**What is needed**
Would you transcribe each entry exactly as it stands, omitting the pictures?

Text-to-region grounding data
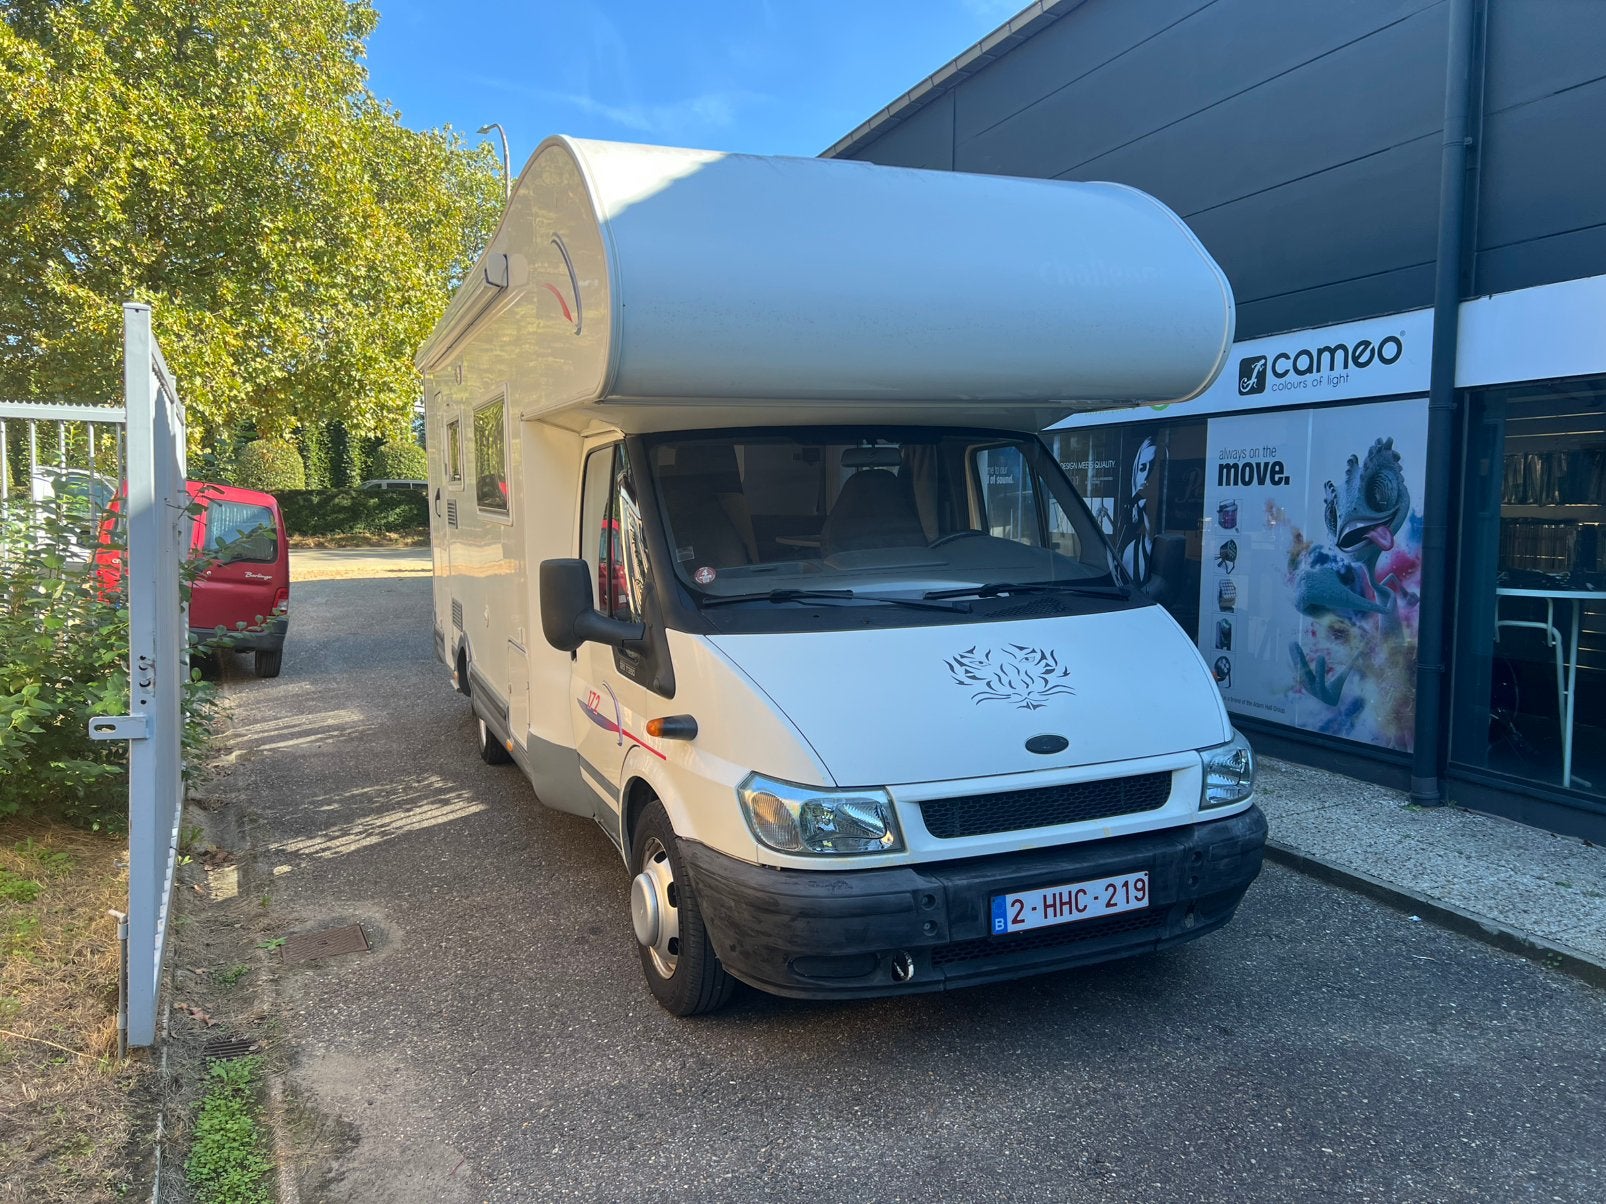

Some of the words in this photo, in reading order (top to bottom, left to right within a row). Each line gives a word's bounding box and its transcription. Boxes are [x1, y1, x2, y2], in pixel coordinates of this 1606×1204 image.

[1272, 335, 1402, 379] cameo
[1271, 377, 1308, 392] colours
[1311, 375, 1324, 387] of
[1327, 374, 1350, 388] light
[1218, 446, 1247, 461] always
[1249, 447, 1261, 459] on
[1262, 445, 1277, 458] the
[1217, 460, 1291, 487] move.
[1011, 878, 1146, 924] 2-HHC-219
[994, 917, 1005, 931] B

**Output of the exercise**
Some of the words in this photo, in reading order (top to bottom, left to right within a row). Each line gives a word's bounding box and its transcription. Boxes are [x1, y1, x2, y2], in pixel coordinates of this 1606×1204 image.

[1272, 335, 1402, 379] cameo
[1271, 377, 1308, 392] colours
[1311, 375, 1324, 387] of
[1327, 374, 1350, 388] light
[1218, 446, 1247, 461] always
[1249, 447, 1261, 459] on
[1262, 445, 1277, 458] the
[1217, 460, 1291, 487] move.
[1011, 878, 1146, 924] 2-HHC-219
[994, 917, 1005, 931] B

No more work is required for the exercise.